El último hombre
El último hombre Tras ocuparme de ello recorrí todas las calles y rincones de Forli. Aquellas ciudades italianas presentaban un aspecto de desolación mayor que las de Inglaterra y Francia. La peste había aparecido en ellas antes y en ellas había culminado su misión y su obra mucho antes que en las nuestras. Tal vez el verano anterior ya no hubiera conocido a ningún ser humano con vida en el espacio incluido entre las costas de Calabria y los Alpes, al norte. Mi búsqueda fue del todo infructuosa, y sin embargo no desistí. Creía que la razón estaba de mi parte y no debía ignorar ninguna posibilidad de que en alguna parte de Italia existiera algún superviviente como yo, en aquella Tierra baldía y despoblada. Mientras así vagaba por la ciudad vacía fui pergeñando un plan para mis operaciones futuras. Proseguiría viaje hasta Roma.
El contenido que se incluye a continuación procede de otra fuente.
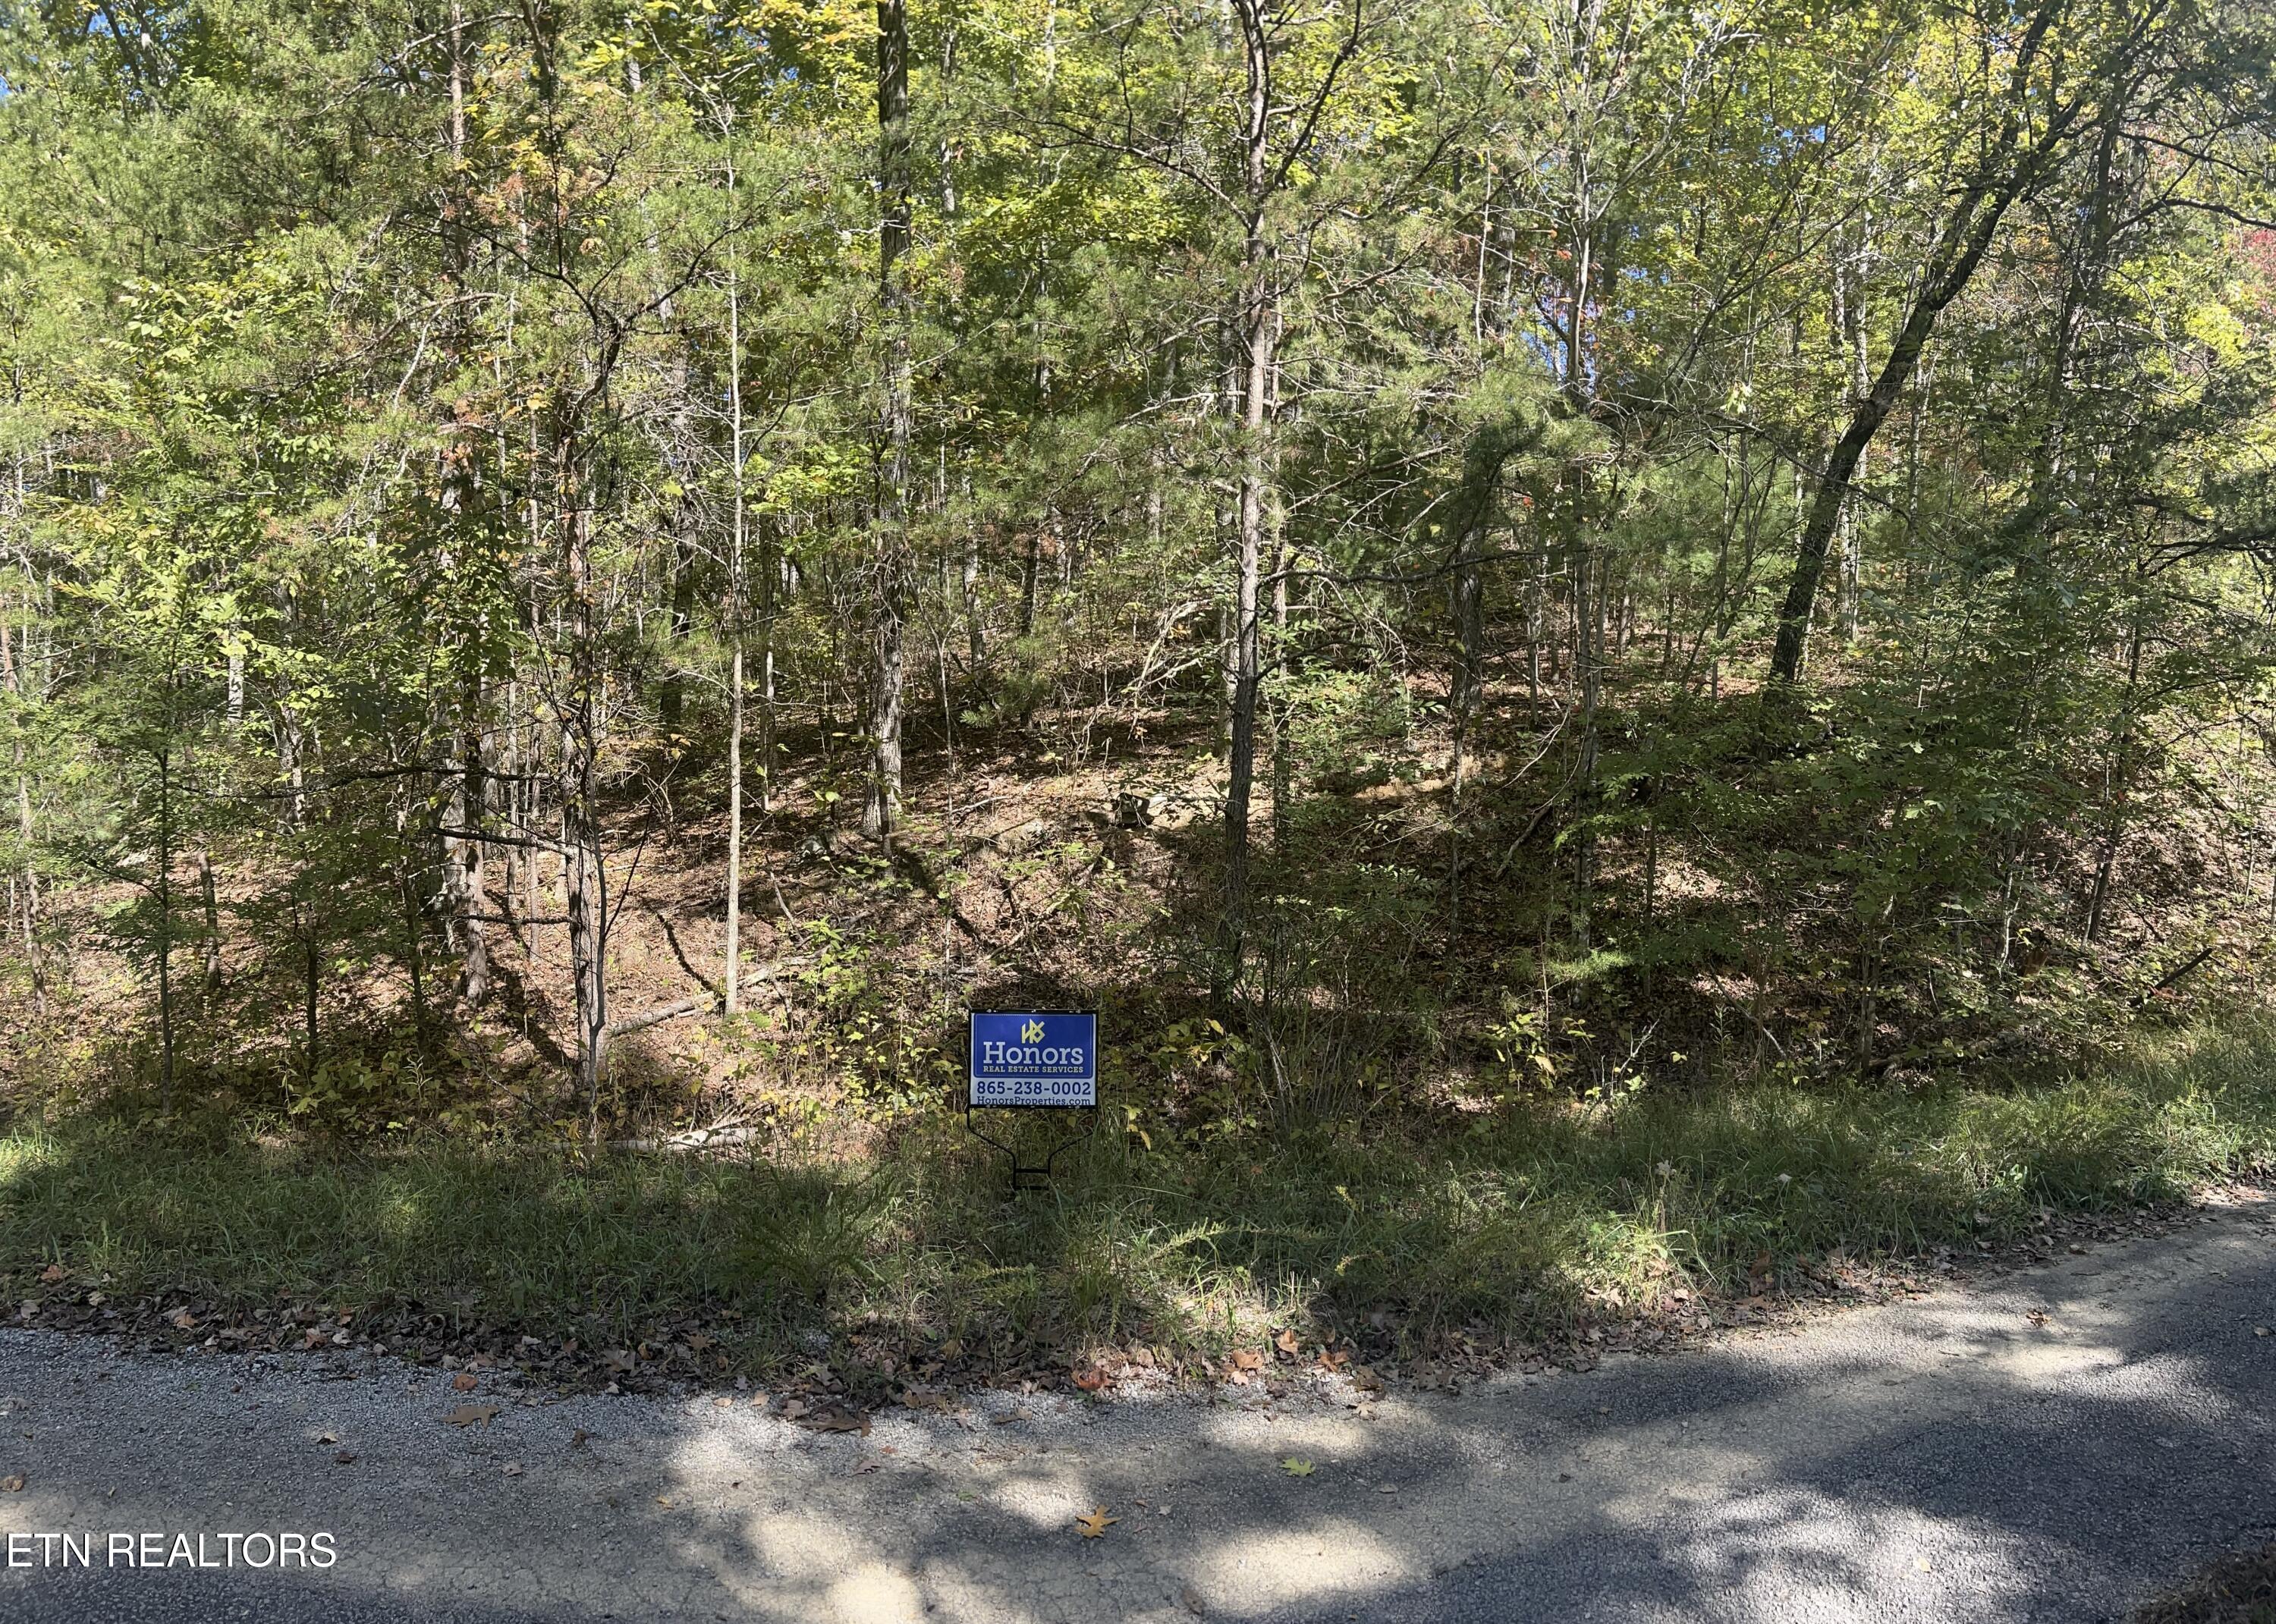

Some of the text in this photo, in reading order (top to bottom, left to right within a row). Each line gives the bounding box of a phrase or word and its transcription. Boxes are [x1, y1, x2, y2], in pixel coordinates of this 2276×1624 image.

[983, 1041, 1083, 1065] Honors
[977, 1081, 1091, 1095] 865-238-0002
[977, 1096, 1091, 1105] HonorsProperties.com
Tras asegurarme, mediante una búsqueda exhaustiva, de que no dejaba atrás seres humanos en las ciudades por las que pasara, en todas ellas, en algún lugar visible, escribiría con pintura blanca y en tres idiomas: «Verney, el último de la raza inglesa, habita en Roma».
Para llevar a cabo mi plan entré en el taller de un pintor y me procuré pintura. Resulta curioso que una ocupación tan trivial me hubiera consolado hasta el punto de animarme. Pero la pena dota de fantasía la infantil desesperación. A esa inscripción simple sólo añadí: «Ven, amigo Te espero», Deh, vieni! ti aspetto!